All eyes are on the Senate as it debates what to do about ObamaCare. But the House has a last chance this week to abolish one of the law’s most dangerous creations: a board with sweeping, unchecked power to ration care.
The Independent Payment Advisory Board—what critics call the death panel—would be an unelected, unaccountable body with broad powers to slash Medicare spending. But the law contains a living will for IPAB. If the president signs a congressional resolution extinguishing the panel by Aug. 15, it will never come into existence.
The real deadline is closer, since the House plans to recess Friday and not return until Sept. 5. But if the House does act, the Senate will have time to follow, since it plans to remain in session until mid-August.
The IPAB’s powers would be vast. If government actuaries find that Medicare spending would exceed caps established by ObamaCare, the board is required to write a plan to stay under the caps. Congress can pass its own bill to reach the target if it acts promptly—but if not, the secretary of Health and Human Services must implement IPAB’s plan, which would be exempt from judicial review.
Medicare spending has so far not exceeded the IPAB trigger, but eventually it will. Although the statute expressly forbids IPAB from “rationing,” that is scant comfort.
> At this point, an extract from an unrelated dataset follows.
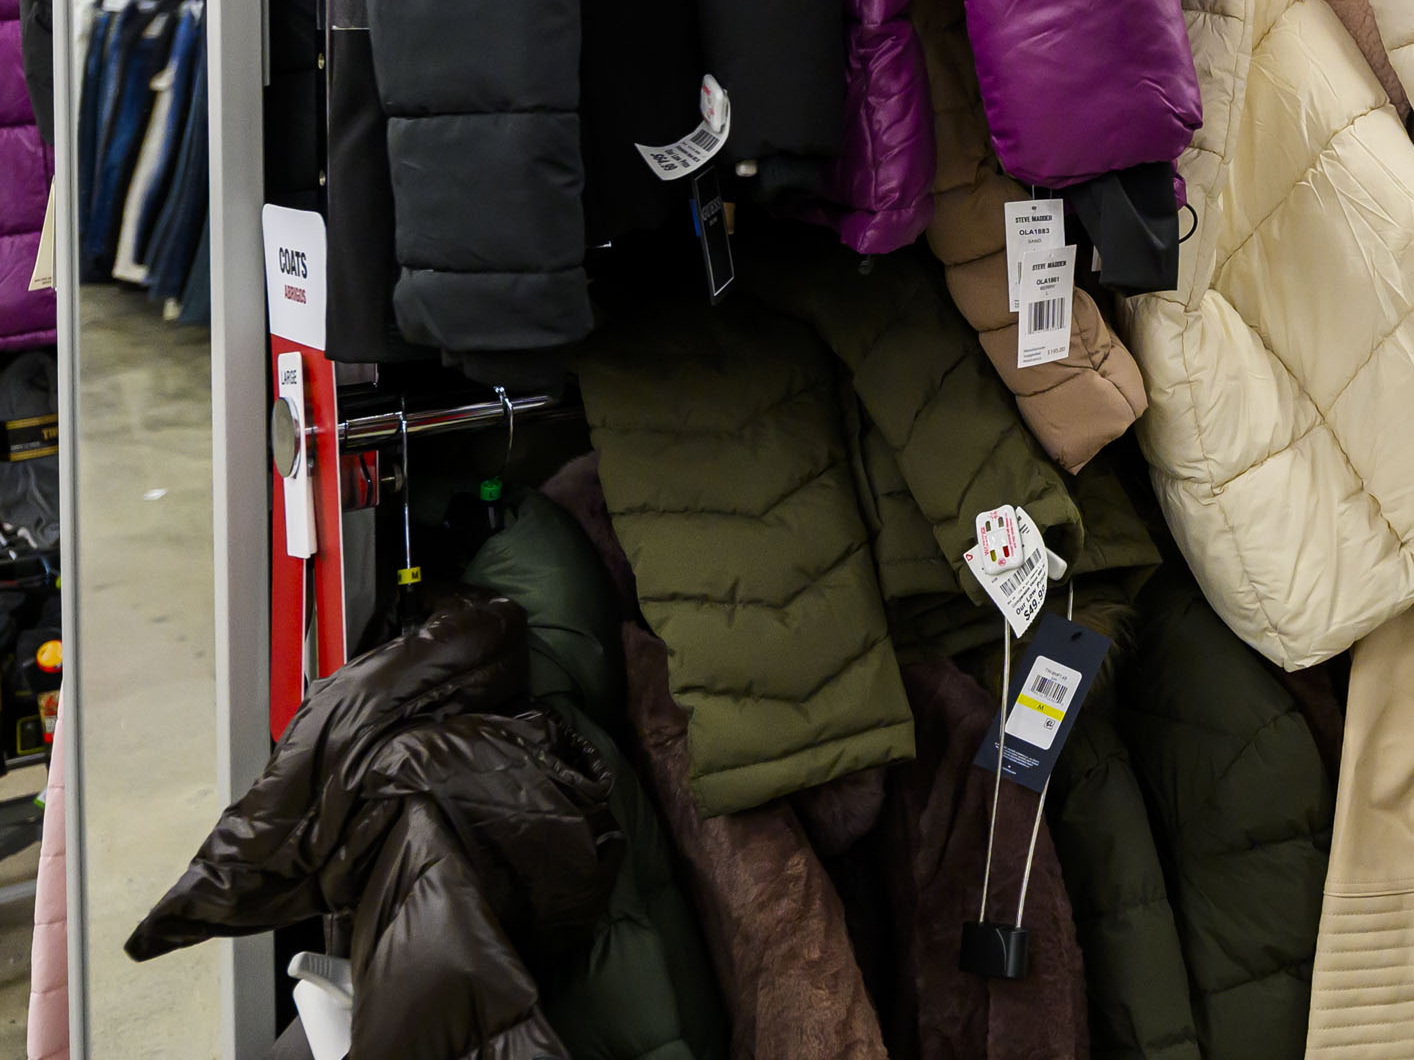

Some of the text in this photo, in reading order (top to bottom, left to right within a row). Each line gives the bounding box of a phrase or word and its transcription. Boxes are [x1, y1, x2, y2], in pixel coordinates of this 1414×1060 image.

Government-run health systems typically ration care by cutting payments to doctors and hospitals, something IPAB has the authority do.
Medicare’s trustees warn in their new annual report that “access to physicians treating Medicare patients may become a significant issue in the long term.” In the same report they predict that “approximately half of hospitals, 70 percent of skilled nursing facilities, and over 80 percent of home health agencies” would be losing money by 2040 under IPAB-enforced spending caps, “raising the possibility of access and quality-of-care issues for Medicare beneficiaries.”
The IPAB repeal provision has a catch: Passage of the resolution requires a three-fifths vote in the House and Senate. House leaders would need 261 votes (there are 240 Republicans), a tall order. But not all Democrats supported IPAB when ObamaCare was enacted. If an unelected panel is calling the shots, asked then-Rep. Pete Stark, a liberal Democrat, “why have legislators?”
The resolution against IPAB would be unamendable and immune to filibuster—meaning it would have a much easier time in the Senate than would ordinary legislation to abolish IPAB.
The outcome of this week’s Senate debate on ObamaCare will likely disappoint many of the law’s opponents. But repealing the ObamaCare “death panel” would give Congress a much-needed accomplishment and give legislators breathing room to reform Medicare the right way. The pathway will get much harder unless the House acts before leaving town on Friday.
Ms. Turner is president, and Mr. Badger a senior fellow, at the Galen Institute.